From: [email protected]
Subject: IP: Did EU Scuttle Echelon Debate?
Date: Tue, 06 Oct 1998 09:25:41 -0500
To: [email protected]
Source: Wired
http://www.wired.com/news/news/politics/story/15429.html
Did EU Scuttle Echelon Debate?
By Niall McKay
5:15 p.m.5.Oct.98.PDT
The European Parliament has swept aside
concerns about alleged surveillance and spying
activities conducted in the region by the US
government, a representative for Europe's Green
Party said Monday.
Specifically, the EU allegedly scuttled
parliamentary debate late last month concerning
the Echelon surveillance system. Echelon is a
near-mythical intelligence network operated in
part by the National Security Agency.
"The whole discussion was completely brushed
over," Green Party member of European
Parliament Patricia McKenna said.
The US government has refused even to
acknowledge Echelon's existence. But since
1988, investigative journalists and privacy
watchdogs have uncovered details of a secret,
powerful system that can allegedly intercept any
and all communications within Europe.
According to scores of reports online and in
newspapers, Echelon can intercept, record, and
translate any electronic communication --
telephone, data, cellular, fax, email, telex -- sent
anywhere in the world.
The alleged system has only recently come
under the scrutiny of the European Parliament,
which has grown concerned about EU
government and private sector secrets falling into
US hands.
The debate fizzled mysteriously, said McKenna,
who suggested that the Parliament is reluctant
to probe the matter fully for fear of jeopardizing
relations between the EU and the United States.

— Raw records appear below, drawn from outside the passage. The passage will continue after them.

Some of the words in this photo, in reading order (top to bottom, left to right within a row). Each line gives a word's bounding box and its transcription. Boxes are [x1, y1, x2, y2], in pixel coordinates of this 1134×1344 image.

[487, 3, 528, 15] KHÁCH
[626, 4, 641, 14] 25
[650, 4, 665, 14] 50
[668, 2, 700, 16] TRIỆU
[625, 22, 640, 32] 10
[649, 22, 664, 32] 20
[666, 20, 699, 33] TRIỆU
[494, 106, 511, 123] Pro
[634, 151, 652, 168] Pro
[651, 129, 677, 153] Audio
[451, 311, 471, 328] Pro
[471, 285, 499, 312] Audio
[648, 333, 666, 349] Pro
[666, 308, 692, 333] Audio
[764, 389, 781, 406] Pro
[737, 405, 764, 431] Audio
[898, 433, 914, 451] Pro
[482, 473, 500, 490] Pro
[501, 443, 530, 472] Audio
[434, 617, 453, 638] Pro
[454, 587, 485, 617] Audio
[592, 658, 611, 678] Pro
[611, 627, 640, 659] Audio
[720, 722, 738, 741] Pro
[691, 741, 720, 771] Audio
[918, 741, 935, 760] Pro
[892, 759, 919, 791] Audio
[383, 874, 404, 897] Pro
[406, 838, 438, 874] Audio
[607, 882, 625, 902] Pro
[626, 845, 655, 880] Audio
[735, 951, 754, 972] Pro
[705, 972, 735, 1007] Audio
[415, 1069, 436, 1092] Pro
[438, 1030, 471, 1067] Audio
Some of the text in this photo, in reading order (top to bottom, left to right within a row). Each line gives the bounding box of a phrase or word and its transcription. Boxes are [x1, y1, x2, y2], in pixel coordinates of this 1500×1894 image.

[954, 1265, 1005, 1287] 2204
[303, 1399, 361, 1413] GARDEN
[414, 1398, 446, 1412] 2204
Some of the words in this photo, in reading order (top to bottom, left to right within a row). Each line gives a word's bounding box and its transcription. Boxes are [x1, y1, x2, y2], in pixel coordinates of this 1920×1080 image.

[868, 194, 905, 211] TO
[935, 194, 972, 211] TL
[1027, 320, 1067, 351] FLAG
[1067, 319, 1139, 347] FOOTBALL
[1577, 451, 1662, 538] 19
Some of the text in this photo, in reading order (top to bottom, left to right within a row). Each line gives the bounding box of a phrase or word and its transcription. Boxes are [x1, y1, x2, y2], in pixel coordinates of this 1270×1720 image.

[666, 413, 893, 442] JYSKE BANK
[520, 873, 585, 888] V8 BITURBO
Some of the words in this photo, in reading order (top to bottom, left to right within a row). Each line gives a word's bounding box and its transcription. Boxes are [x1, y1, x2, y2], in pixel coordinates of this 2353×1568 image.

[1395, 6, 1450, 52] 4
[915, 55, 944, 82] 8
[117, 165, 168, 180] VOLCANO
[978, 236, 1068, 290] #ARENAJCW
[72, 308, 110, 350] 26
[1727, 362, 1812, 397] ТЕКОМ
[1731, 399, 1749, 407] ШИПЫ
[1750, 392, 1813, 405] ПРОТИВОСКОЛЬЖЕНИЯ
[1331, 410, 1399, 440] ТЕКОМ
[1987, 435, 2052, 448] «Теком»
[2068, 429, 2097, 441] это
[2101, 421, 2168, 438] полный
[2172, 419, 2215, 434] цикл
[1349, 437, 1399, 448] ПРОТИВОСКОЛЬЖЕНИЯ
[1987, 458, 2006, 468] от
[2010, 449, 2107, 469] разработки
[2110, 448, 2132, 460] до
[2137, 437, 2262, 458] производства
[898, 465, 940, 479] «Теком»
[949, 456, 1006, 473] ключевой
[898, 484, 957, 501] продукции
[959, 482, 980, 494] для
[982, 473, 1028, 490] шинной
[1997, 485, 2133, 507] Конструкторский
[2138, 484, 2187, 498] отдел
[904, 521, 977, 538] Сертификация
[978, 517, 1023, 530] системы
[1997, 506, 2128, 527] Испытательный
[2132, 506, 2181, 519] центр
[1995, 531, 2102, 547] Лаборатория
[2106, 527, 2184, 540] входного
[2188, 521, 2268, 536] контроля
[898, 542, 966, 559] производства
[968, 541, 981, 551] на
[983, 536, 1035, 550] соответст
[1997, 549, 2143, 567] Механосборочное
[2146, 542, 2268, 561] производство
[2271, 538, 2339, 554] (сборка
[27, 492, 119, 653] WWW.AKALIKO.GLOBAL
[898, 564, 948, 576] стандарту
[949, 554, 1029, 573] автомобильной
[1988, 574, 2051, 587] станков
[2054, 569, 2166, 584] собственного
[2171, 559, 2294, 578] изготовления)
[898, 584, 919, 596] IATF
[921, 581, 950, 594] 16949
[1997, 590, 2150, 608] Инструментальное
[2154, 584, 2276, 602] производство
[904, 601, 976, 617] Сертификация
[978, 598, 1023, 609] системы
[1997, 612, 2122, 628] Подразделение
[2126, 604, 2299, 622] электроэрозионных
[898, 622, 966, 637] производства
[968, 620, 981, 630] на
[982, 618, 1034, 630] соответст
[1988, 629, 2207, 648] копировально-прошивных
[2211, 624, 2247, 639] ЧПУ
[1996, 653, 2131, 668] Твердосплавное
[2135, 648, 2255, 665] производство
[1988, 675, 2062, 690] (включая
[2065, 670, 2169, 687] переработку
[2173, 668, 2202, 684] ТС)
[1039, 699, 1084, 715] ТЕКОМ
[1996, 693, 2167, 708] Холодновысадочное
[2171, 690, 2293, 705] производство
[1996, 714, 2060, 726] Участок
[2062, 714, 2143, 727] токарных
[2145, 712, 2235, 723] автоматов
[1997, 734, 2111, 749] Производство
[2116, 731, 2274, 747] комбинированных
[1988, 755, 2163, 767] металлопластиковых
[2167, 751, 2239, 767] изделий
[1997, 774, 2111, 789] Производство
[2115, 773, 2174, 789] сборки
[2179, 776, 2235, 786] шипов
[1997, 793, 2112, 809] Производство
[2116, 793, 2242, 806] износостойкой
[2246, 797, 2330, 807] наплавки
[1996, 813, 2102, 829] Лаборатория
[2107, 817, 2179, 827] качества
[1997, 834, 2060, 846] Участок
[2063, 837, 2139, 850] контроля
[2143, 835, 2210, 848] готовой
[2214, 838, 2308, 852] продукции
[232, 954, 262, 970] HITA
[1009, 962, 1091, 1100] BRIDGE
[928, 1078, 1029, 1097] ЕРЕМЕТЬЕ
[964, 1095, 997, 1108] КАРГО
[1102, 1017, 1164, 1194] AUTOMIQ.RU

"Basically they didn't want to rock the boat," she
said.
Furthermore, she said the debate was held two
days ahead of schedule, hindering preparations
for the discussion by European Members of
Parliament.
While the NSA has never officially recognized
Echelon's existence, it has been the subject of
heated debates in Europe following a preliminary
report by the Scientific and Technical Options
Assessment, a committee advising the
parliament on technical matters.
On 19 September, the Parliament debated both
the EU's relationship with the United States and
the existence and uses of Echelon.
The Green Party believes the resolution to defer
its decision on Echelon, pending further
investigation, was influenced by pressure from
the US government, which has tried to keep the
system secret.
Glyn Ford, a member of the European
Parliament for the British Labor Party and a
director of STOA, missed the debate because of
the schedule change but does not share the
Green Party's view.
"There is not enough information on Echelon,
beyond its existence, to debate the matter fully,"
said Ford.
According to Ford, the Omega Foundation, a
British human rights organization, compiled the
first report on Echelon for the Parliament
committee.
"It is very likely that Omega will be
commissioned again," Ford said. "But this time I
believe the EU will require direct input from the
NSA."
Simon Davies, the director of the privacy
watchdog group Privacy International sees the
debate as a major civil rights victory.
"It's unheard of for a parliament to openly debate
national security issues," said Davies. "This
debate fires a warning shot across the bows of
the NSA."
Echelon is said to be principally operated by the
National Security Agency and its UK equivalent,
the Government Communications Headquarters.
It reportedly also relies on cooperation with other
intelligence agencies in Canada, Australia, and
New Zealand.
"These spy systems were seen as a necessary
part of international security during the cold
war," said Ford. "But there is no military reason
for spying on Russia now unless they (NSA)
want to listen to the sound of the proto-capitalist
economy collapsing."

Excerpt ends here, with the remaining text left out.